Poems Referring to the Period of Old Age.

THE OLD CUMBERLAND BEGGAR.

The class of beggars, to which the old man here described belongs, will probably soon be extinct It consisted of poor, and, mostly, old and infirm persons, who confined themselves to a stated round in their neighbourhood, and had certain fixed days, on which, at different houses, they regularly received alms, sometimes in money, but mostly in provisions.

I SAW an aged beggar in my walk;
And he was seated, by the highway side,
On a low structure of rude masonry

Built at the foot of a huge hill, that they

Who lead their horses down the steep rough road
May thence remount at ease. The aged man

Had placed his staff across the broad smooth stone
That overlays the pile; and, from a bag

All white with flour, the dole of village dames,
He drew his scraps and fragments, one by one;
And scanned them with a fixed and serious look
Of idle computation. In the sun,

Upon the second step of that small pile,
Surrounded by those wild unpeopled hills,
He sat, and ate his food in solitude:
And ever, scattered from his palsied hand,
That, still attempting to prevent the waste,
Was baffled still, the crumbs in little showers
Fell on the ground; and the small mountain birds,
Not venturing yet to peck their destined meal,
Approached within the length of half his staff.
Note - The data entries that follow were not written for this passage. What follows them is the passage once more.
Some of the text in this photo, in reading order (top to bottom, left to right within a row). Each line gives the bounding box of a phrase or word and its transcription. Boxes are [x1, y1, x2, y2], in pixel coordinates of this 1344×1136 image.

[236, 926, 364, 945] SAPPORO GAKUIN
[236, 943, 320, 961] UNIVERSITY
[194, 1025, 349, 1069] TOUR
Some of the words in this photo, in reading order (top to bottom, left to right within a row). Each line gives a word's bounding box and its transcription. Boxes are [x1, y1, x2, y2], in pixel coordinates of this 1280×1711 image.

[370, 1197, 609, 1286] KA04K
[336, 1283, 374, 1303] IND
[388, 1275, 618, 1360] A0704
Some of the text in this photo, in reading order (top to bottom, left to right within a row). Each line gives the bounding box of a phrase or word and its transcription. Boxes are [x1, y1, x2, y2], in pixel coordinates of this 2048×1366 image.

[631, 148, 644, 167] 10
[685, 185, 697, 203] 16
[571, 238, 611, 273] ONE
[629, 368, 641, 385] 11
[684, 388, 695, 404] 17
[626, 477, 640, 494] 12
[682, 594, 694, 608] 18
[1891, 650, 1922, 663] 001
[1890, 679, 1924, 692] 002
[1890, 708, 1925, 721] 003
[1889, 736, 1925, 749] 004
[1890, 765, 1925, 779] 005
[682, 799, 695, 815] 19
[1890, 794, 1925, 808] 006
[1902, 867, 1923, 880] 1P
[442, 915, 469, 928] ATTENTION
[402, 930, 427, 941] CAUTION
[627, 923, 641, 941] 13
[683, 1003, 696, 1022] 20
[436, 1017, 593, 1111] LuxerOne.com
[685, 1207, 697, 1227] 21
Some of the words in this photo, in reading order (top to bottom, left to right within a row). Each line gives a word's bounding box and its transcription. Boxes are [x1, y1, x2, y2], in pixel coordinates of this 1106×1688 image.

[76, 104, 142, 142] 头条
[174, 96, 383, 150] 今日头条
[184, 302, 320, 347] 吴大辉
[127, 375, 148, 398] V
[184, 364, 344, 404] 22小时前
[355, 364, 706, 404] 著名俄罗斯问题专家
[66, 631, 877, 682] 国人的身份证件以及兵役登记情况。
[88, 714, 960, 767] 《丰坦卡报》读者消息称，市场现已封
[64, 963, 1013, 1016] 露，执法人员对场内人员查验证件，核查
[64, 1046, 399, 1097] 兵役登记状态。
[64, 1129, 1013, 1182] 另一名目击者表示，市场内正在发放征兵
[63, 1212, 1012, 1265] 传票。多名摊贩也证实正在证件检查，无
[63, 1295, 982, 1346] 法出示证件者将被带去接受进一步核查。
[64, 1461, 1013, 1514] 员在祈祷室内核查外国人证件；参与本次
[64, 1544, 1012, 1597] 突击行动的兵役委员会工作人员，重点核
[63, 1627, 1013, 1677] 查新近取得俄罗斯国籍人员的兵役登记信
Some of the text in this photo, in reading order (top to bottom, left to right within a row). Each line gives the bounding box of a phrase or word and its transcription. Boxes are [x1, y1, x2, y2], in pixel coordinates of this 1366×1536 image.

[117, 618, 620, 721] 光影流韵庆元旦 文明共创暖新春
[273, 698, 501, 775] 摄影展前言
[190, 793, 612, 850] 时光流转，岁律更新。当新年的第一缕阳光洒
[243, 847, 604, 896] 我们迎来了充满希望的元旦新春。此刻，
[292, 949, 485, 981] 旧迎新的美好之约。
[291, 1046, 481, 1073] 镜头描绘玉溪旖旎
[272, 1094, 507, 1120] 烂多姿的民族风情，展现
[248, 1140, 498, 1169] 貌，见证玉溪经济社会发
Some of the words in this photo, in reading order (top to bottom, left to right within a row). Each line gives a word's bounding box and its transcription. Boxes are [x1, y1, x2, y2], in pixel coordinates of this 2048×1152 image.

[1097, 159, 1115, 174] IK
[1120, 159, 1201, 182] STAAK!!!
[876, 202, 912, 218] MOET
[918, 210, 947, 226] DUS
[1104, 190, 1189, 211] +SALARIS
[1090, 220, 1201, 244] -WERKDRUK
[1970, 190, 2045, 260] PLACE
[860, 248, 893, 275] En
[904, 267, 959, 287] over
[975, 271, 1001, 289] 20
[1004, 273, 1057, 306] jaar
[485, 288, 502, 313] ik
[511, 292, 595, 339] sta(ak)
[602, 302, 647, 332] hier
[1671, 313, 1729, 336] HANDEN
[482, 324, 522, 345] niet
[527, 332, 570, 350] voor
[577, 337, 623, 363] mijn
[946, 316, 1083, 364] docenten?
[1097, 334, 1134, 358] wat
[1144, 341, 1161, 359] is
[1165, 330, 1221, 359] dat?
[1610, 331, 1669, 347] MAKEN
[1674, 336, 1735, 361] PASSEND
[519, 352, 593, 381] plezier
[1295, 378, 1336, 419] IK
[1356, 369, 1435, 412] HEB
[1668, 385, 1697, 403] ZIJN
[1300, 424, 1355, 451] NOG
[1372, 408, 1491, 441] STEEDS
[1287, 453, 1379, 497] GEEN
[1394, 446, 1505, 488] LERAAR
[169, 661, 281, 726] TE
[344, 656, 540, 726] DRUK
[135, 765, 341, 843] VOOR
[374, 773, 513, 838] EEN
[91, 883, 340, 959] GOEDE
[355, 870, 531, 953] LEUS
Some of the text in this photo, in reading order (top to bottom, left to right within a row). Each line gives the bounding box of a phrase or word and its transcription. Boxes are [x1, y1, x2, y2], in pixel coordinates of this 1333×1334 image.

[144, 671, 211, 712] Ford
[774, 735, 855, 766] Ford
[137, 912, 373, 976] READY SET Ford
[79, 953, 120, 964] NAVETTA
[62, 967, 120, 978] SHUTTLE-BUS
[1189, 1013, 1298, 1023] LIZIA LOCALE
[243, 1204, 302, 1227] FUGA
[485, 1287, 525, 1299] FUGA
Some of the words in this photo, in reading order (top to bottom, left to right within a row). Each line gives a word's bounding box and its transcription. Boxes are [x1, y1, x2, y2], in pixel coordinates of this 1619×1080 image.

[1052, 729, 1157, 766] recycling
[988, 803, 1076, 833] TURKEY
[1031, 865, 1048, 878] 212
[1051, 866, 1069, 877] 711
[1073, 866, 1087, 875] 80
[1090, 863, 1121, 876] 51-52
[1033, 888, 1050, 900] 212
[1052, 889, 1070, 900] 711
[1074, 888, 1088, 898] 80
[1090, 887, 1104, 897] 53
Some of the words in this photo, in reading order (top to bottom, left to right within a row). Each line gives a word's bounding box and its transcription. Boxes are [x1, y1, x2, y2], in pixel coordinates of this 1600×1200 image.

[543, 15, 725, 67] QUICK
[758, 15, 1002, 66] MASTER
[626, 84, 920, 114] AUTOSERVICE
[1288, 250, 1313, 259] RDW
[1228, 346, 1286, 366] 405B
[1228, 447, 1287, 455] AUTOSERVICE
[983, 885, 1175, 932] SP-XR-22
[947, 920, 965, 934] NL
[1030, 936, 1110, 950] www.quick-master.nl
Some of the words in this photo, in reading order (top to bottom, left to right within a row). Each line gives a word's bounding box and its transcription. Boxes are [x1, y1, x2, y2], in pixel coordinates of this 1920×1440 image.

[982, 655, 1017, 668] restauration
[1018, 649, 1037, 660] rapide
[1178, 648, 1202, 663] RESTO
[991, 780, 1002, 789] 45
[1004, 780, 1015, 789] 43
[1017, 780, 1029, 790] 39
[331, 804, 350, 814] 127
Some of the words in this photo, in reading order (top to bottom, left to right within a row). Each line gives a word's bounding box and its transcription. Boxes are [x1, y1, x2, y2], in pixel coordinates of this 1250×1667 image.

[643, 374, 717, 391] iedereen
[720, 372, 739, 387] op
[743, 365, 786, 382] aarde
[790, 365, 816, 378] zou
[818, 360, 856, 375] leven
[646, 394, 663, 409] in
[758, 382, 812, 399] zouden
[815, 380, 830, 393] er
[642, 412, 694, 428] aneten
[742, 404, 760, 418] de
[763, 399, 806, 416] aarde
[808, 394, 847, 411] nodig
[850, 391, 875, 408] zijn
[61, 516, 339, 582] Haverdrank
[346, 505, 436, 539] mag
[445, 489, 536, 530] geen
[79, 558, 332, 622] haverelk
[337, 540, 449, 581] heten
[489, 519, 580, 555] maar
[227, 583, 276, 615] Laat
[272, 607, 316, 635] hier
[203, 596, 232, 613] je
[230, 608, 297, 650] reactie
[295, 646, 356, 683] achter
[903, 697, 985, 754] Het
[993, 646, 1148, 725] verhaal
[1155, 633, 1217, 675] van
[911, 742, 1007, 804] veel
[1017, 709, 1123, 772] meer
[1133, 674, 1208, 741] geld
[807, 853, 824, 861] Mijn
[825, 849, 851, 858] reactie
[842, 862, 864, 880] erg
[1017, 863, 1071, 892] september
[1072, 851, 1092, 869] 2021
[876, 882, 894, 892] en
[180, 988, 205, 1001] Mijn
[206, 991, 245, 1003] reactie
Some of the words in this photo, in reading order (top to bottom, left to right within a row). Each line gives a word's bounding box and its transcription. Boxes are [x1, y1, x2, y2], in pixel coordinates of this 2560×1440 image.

Him from my childhood have I known; and then
He was so old, he seems not older now;
He travels on, a solitary man,

So helpless in appearance, that for him
The sauntering horseman-traveller does not throw
With careless hand his alms upon the ground,
But stops, that he may safely lodge the coin
Within the old man's hat; nor quits him so,
But still, when he has given his horse the rein,
Watches the aged beggar with a look
Sidelong-and half-reverted. She who tends
The toll-gate, when in summer at her door
She turns her wheel, if on the road she sees
The aged beggar coming, quits her work,
And lifts the latch for him that he may pass.
The post boy, when his rattling wheels o'ertake
The aged beggar in the woody lane,

Shouts to him from behind; and, if thus warned
The old man does not change his course, the boy

Turns with less noisy wheels to the road-side,
And passes gently by-without a curse
Upon his lips, or anger at his heart.

He travels on, a solitary man ;

His

age has no companion. On the ground
His eyes are turned, and, as he moves along,
They move along the ground; and, evermore,
Instead of common and habitual sight

Of fields with rural works, of hill and dale,
And the blue sky, one little span of earth
Is all his prospect. Thus, from day to day,
Bow-bent, his eyes for ever on the ground,
He plies his weary journey; seeing still,
And seldom knowing that he sees, some straw,
Some scattered leaf, or marks which, in one track,
The nails of cart or chariot-wheel have left
Impressed on the white road,-in the same line,
At distance still the same. Poor traveller!
His staff trails with him; scarcely do his feet
Disturb the summer dust; he is so still
In look and motion, that the cottage curs,
Ere he have passed the door, will turn away,
Weary of barking at him. Boys and girls,
The vacant and the busy, maids and youths,
And urchins newly breeched-all pass him by:
Him even the slow-paced waggon leaves behind.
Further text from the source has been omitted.